Alpha and Beta risks are the risks involved while conducting a statistical analysis with the help of Hypothesis testing. While estimating a value with Hypothesis testing, it is possible that two types of mistakes occur:
- Incorrectly deciding that the value is out of the predicted range (Rejecting a true hypothesis), and
- Incorrectly deciding that an outside value falls within the predicted range (Accepting a false hypothesis).

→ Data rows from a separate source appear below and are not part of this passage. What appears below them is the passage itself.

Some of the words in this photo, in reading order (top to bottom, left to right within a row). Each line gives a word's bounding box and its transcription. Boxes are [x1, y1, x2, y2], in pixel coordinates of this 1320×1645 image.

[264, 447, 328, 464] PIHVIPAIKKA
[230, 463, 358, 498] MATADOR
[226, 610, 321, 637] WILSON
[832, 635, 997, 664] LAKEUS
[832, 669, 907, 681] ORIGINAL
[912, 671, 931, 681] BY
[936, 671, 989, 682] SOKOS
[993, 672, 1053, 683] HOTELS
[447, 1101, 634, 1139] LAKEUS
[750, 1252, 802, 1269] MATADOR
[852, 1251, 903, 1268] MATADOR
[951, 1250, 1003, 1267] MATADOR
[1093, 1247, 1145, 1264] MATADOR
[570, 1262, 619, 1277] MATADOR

These two are respectively called as Alpha and Beta Error or Risk in statistical terms. Let us look at the two concepts in detail.
Alpha Error:
Error occurring when a Null hypothesis is rejected, when it is true. This is also called as Type I error, Producer’s risk, Level of Significance etc. To reduce or control this, a value called as p-value is calculated for the hypothesis test. The p-value should be less than or equal to the Significance Level chosen for the test. Therefore by choosing a higher significance value (which is in Percentage), alpha error or risk can be controlled. For example, A producer can test his pump’s diameter to fall between 9.95cm to 10.05 cm. He can choose a significance level of 95% which allows 5% error Thus p-value will be 0.05. To be more accurate if he chooses a significance level of 99%, p-value should be less than 0.01.
Beta Error:
Error occurring when an alternate hypothesis is accepted, when it is false. This is also called as Type II error, Consumer’s risk. To reduce this this ‘Power’ of the test need to be high. The stronger is the power of the test, it is more sensitive in identifying minute variations. This can be done by increasing the sample size of the test.